Directions:
Exercise in exact copying. Transcribe every entry that follows, word for word.

═════ Material for this exercise ═════

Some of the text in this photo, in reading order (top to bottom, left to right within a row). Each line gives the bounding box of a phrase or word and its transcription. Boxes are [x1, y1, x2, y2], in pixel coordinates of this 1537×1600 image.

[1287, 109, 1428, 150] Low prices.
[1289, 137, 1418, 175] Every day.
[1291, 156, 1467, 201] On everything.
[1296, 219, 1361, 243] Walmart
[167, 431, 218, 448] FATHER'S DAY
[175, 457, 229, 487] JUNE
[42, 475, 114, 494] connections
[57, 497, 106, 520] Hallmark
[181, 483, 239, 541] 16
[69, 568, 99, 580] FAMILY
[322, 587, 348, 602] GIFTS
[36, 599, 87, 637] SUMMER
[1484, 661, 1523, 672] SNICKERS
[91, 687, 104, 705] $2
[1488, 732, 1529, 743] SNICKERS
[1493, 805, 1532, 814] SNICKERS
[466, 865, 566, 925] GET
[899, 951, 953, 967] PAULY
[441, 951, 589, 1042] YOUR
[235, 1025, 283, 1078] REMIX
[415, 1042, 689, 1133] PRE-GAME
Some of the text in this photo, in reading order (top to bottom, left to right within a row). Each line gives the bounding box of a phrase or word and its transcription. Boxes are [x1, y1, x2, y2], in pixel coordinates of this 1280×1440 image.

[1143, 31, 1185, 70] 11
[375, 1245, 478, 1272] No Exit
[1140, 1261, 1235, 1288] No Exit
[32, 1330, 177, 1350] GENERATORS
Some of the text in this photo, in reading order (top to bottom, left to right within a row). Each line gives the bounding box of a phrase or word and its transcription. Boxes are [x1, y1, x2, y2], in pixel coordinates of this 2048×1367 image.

═════

Written response:
Some of the text in this photo, in reading order (top to bottom, left to right within a row). Each line gives the bounding box of a phrase or word and its transcription. Boxes are [x1, y1, x2, y2], in pixel coordinates of this 1537×1600 image.

[1287, 109, 1428, 150] Low prices.
[1289, 137, 1418, 175] Every day.
[1291, 156, 1467, 201] On everything.
[1296, 219, 1361, 243] Walmart
[167, 431, 218, 448] FATHER'S DAY
[175, 457, 229, 487] JUNE
[42, 475, 114, 494] connections
[57, 497, 106, 520] Hallmark
[181, 483, 239, 541] 16
[69, 568, 99, 580] FAMILY
[322, 587, 348, 602] GIFTS
[36, 599, 87, 637] SUMMER
[1484, 661, 1523, 672] SNICKERS
[91, 687, 104, 705] $2
[1488, 732, 1529, 743] SNICKERS
[1493, 805, 1532, 814] SNICKERS
[466, 865, 566, 925] GET
[899, 951, 953, 967] PAULY
[441, 951, 589, 1042] YOUR
[235, 1025, 283, 1078] REMIX
[415, 1042, 689, 1133] PRE-GAME
Some of the text in this photo, in reading order (top to bottom, left to right within a row). Each line gives the bounding box of a phrase or word and its transcription. Boxes are [x1, y1, x2, y2], in pixel coordinates of this 1280×1440 image.

[1143, 31, 1185, 70] 11
[375, 1245, 478, 1272] No Exit
[1140, 1261, 1235, 1288] No Exit
[32, 1330, 177, 1350] GENERATORS
Some of the text in this photo, in reading order (top to bottom, left to right within a row). Each line gives the bounding box of a phrase or word and its transcription. Boxes are [x1, y1, x2, y2], in pixel coordinates of this 2048×1367 image.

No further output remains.